INSTRUCTIONS TO FOLLOW →
Going through the data below, please show each line containing the string "phrase".

[[ SOURCE DATA, beginning ]]

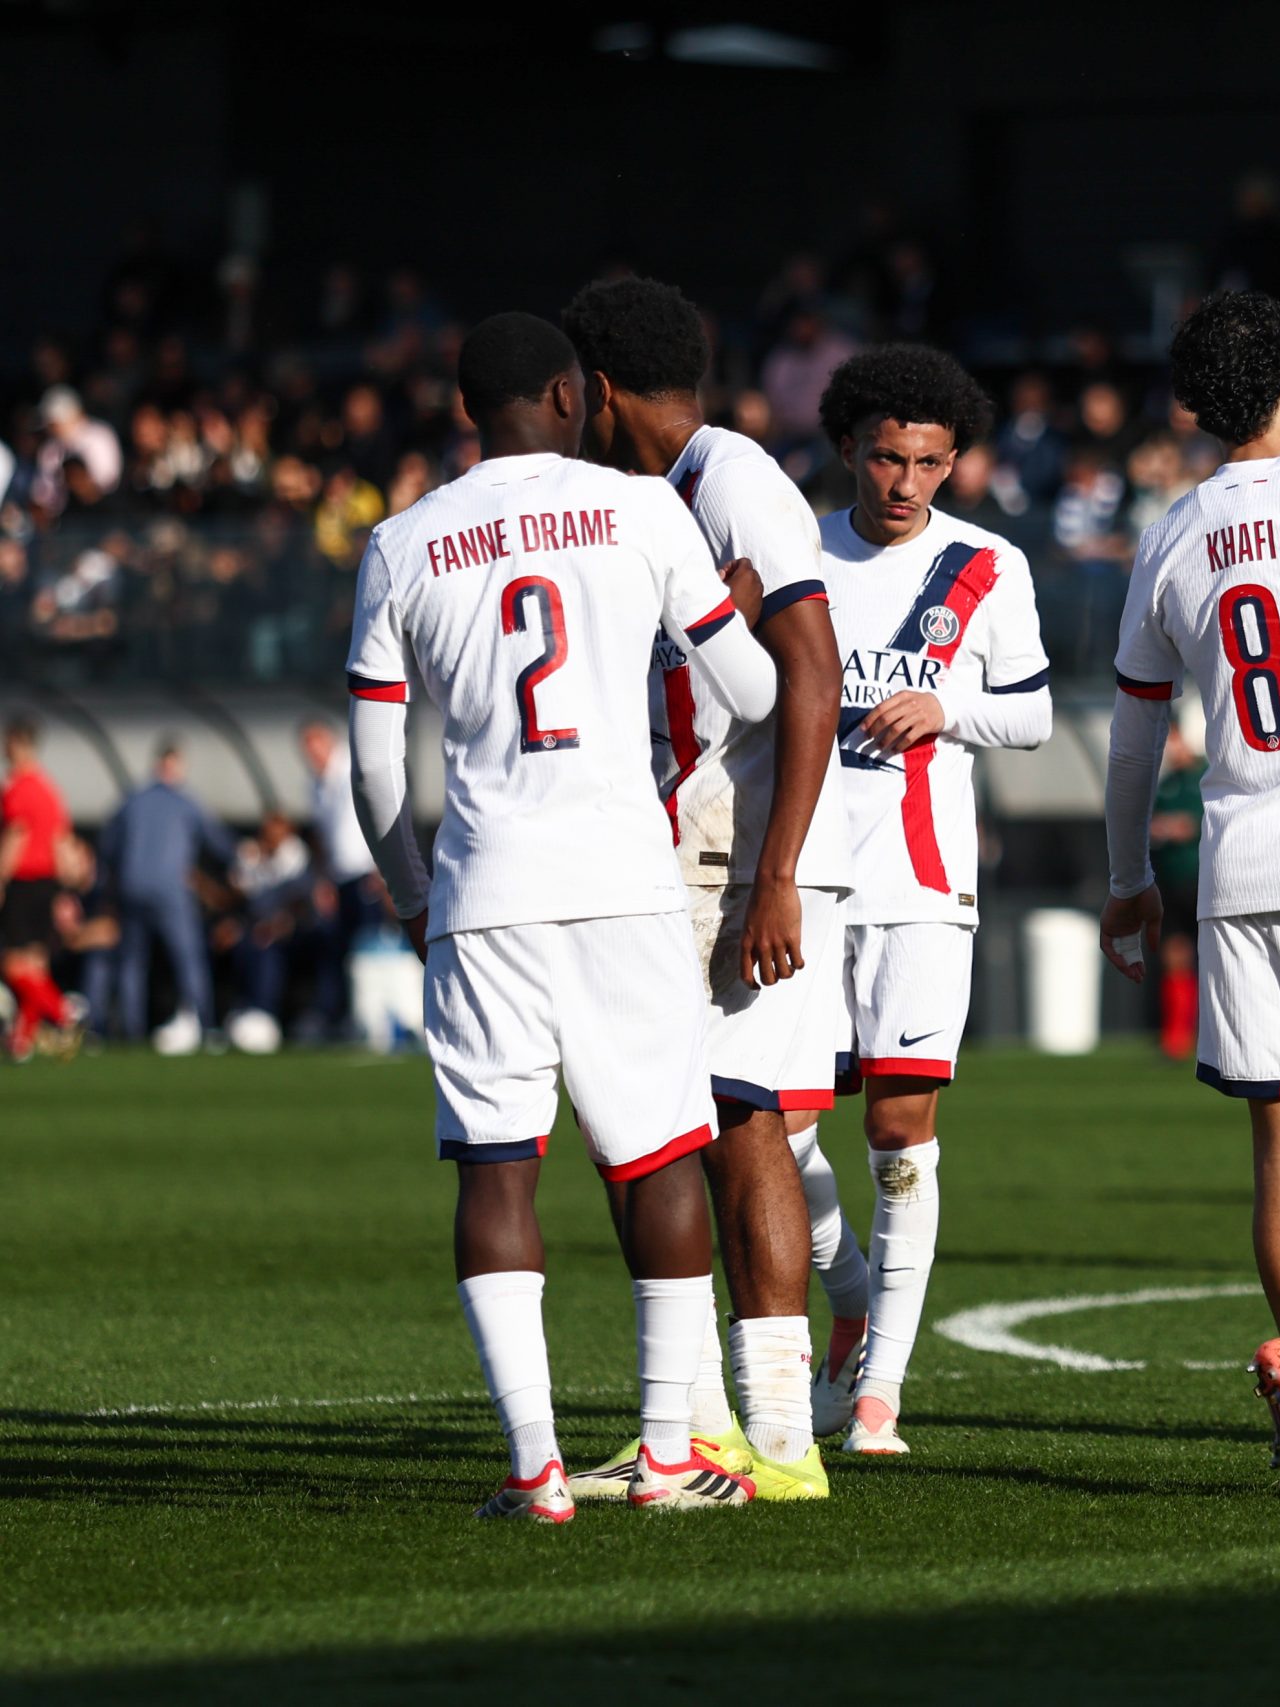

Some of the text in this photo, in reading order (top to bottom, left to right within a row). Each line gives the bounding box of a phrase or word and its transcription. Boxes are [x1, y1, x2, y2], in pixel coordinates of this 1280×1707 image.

[[ SOURCE DATA, end ]]
[[ SOURCE DATA, beginning ]]

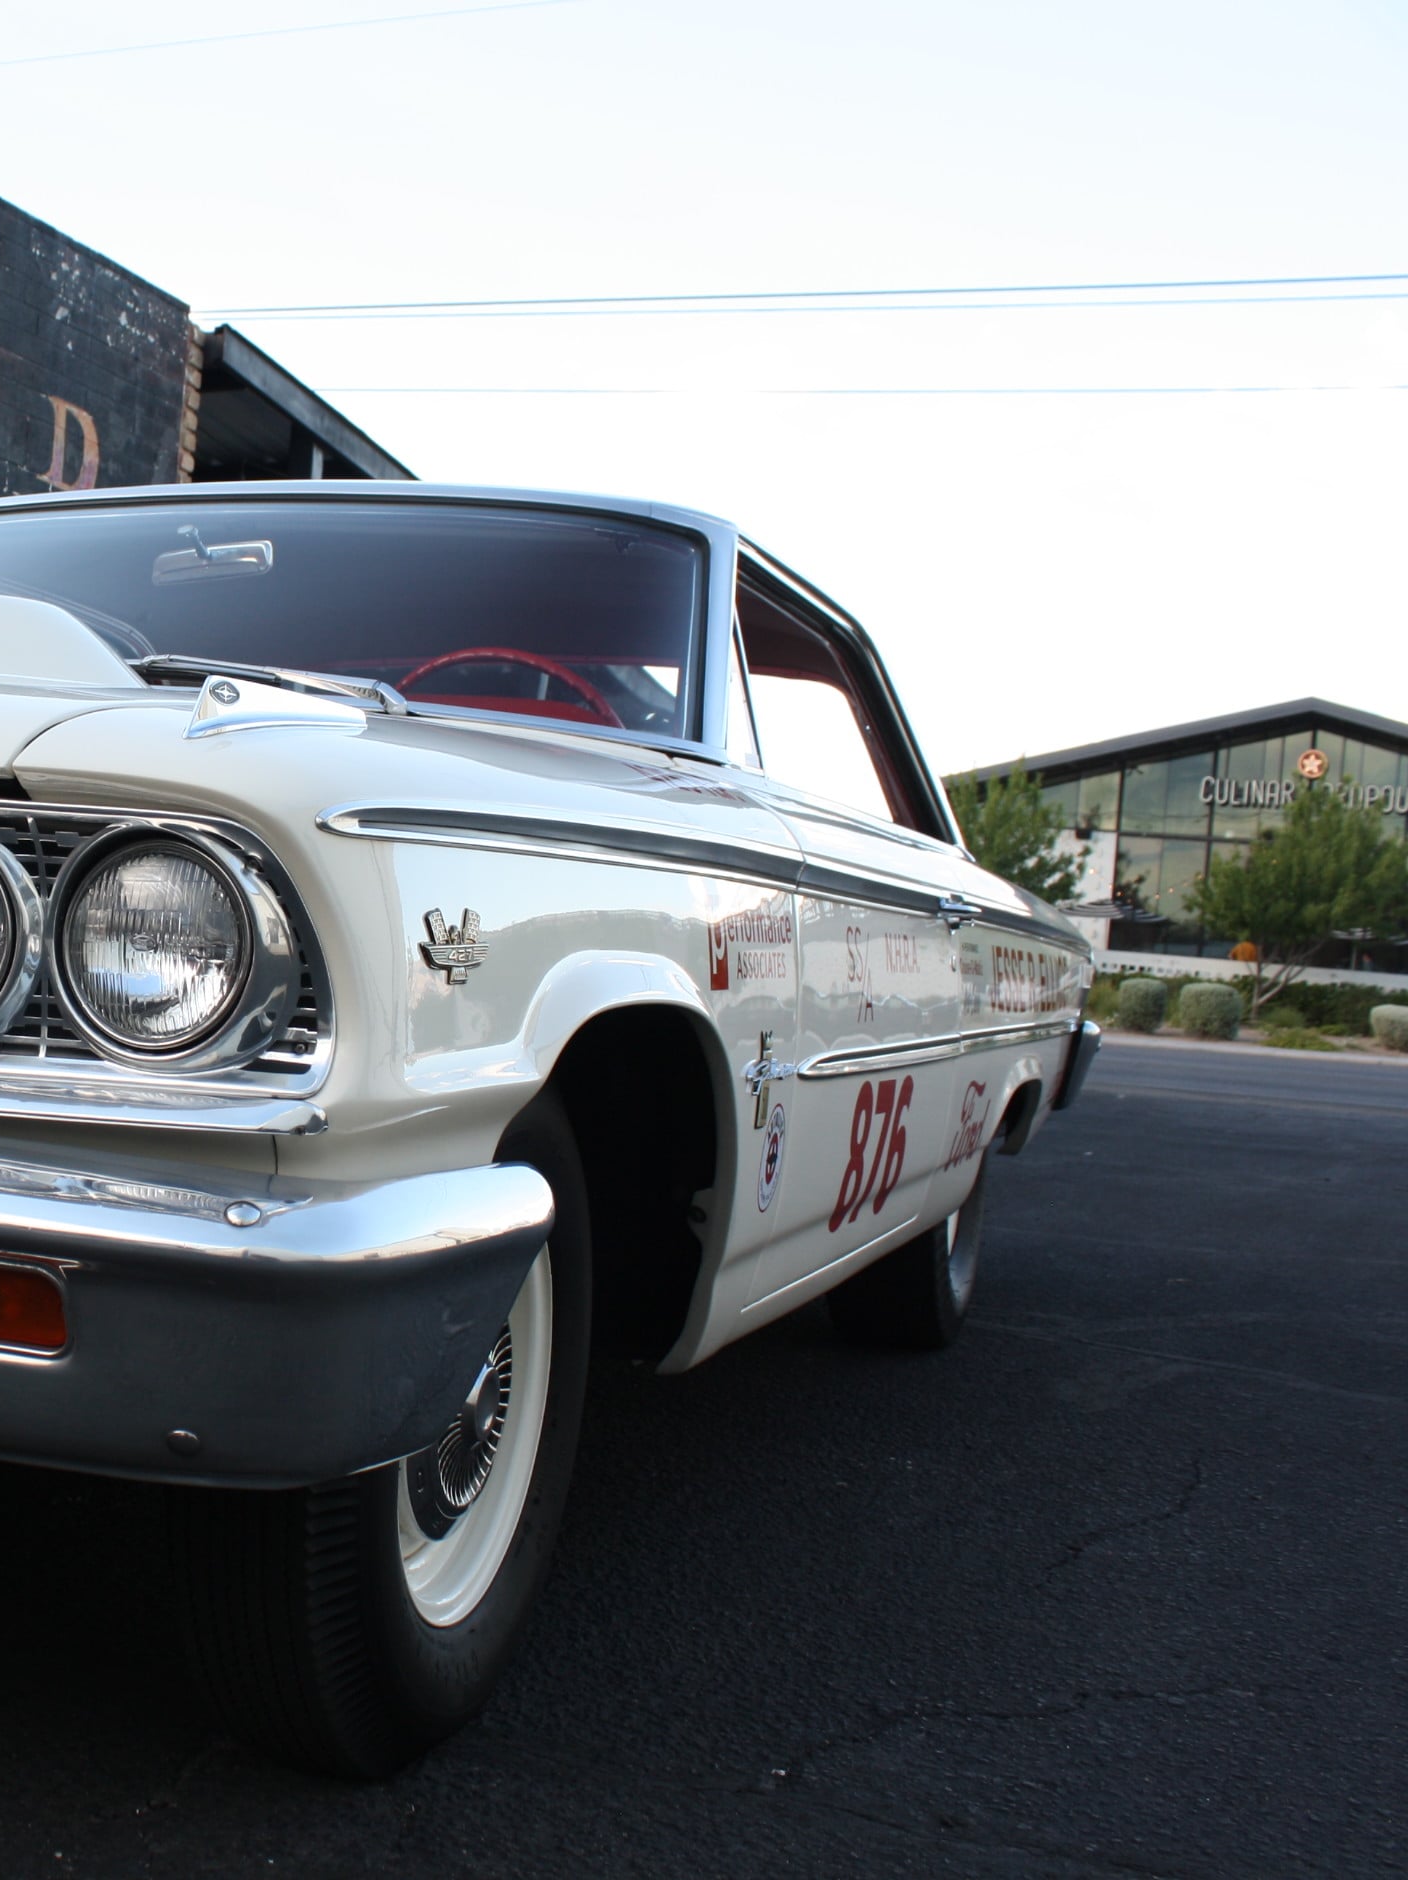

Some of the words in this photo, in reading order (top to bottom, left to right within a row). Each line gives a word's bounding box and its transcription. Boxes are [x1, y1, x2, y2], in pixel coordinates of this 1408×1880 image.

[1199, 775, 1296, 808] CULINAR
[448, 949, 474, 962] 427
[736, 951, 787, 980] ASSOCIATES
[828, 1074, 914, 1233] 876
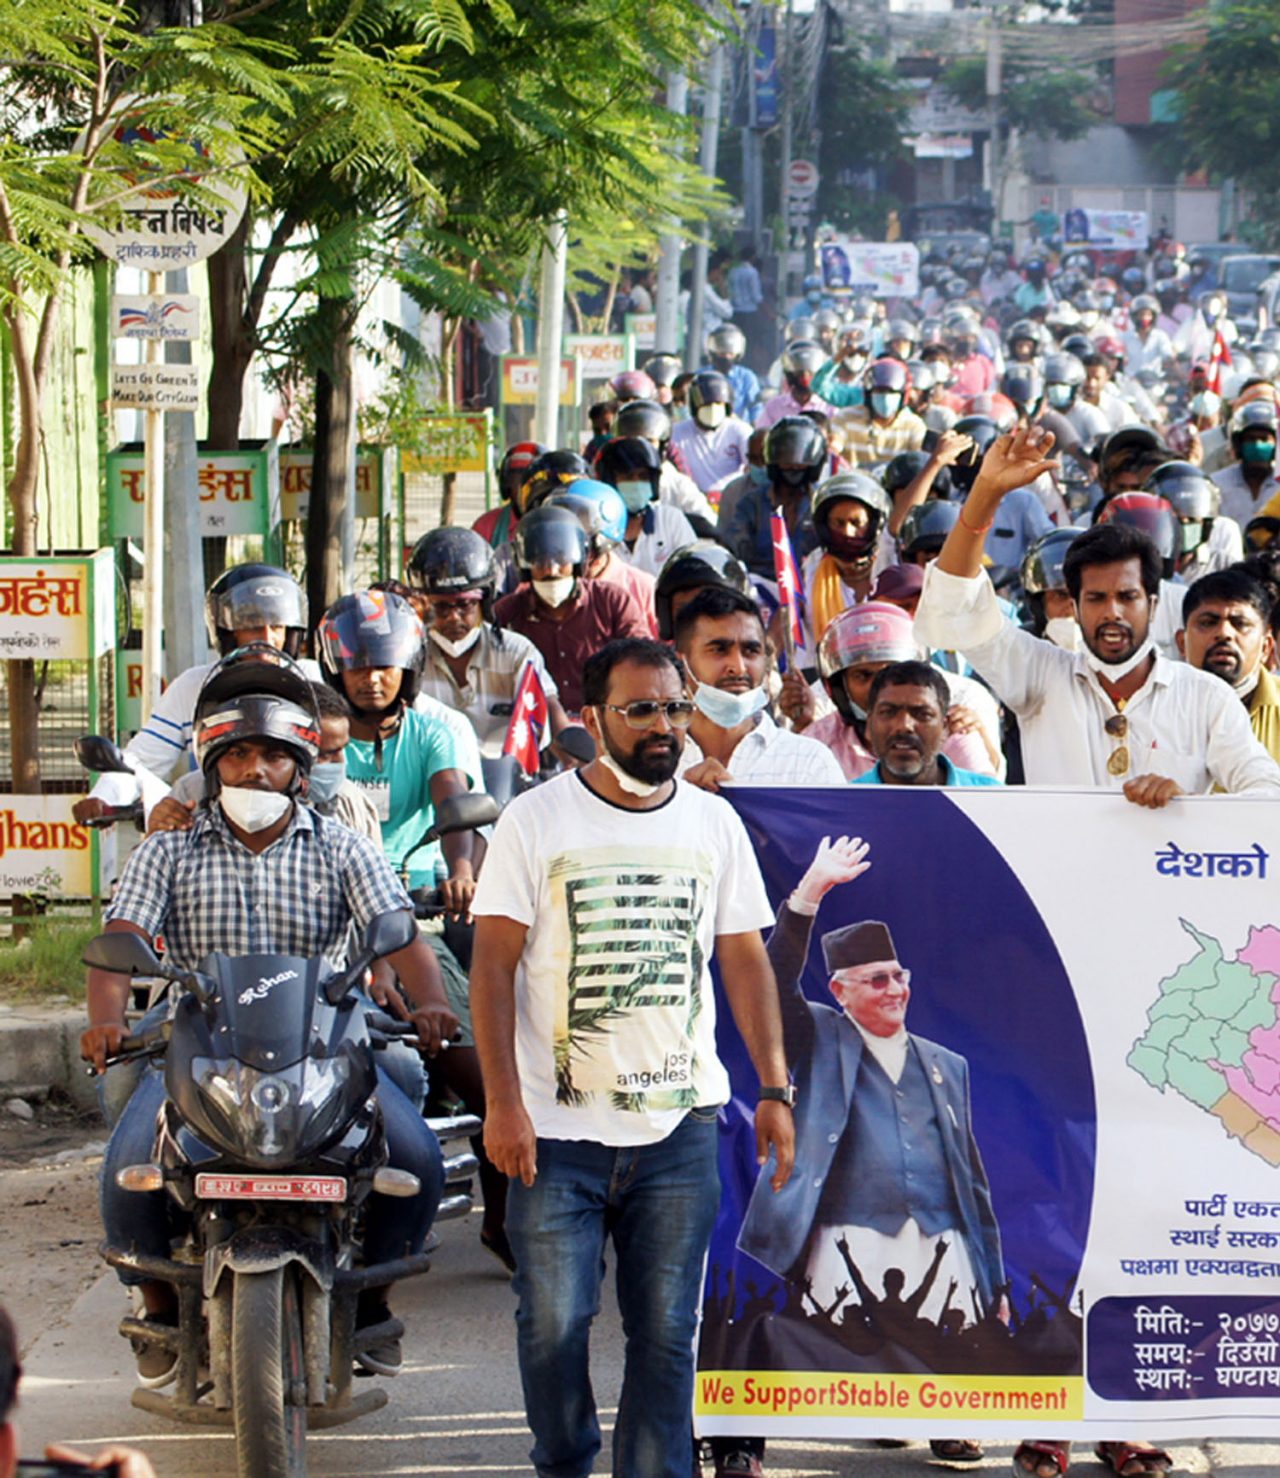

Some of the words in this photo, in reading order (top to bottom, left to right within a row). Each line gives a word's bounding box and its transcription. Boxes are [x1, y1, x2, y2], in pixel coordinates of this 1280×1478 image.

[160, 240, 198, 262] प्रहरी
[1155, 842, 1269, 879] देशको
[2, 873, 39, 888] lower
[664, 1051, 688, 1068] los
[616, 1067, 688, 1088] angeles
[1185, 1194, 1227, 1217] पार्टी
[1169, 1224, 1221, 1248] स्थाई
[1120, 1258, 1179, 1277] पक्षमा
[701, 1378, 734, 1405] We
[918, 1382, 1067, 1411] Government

[[ SOURCE DATA, end ]]
[[ SOURCE DATA, beginning ]]

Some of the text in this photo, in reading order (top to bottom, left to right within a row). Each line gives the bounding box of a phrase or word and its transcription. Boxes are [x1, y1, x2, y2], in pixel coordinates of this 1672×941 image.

[[ SOURCE DATA, end ]]

PROBLEM SOLUTION →
Some of the text in this photo, in reading order (top to bottom, left to right within a row). Each line gives the bounding box of a phrase or word and its transcription. Boxes are [x1, y1, x2, y2], in pixel coordinates of this 1280×1707 image.
Some of the text in this photo, in reading order (top to bottom, left to right within a row). Each line gives the bounding box of a phrase or word and its transcription. Boxes are [x1, y1, x2, y2], in pixel coordinates of this 1672×941 image.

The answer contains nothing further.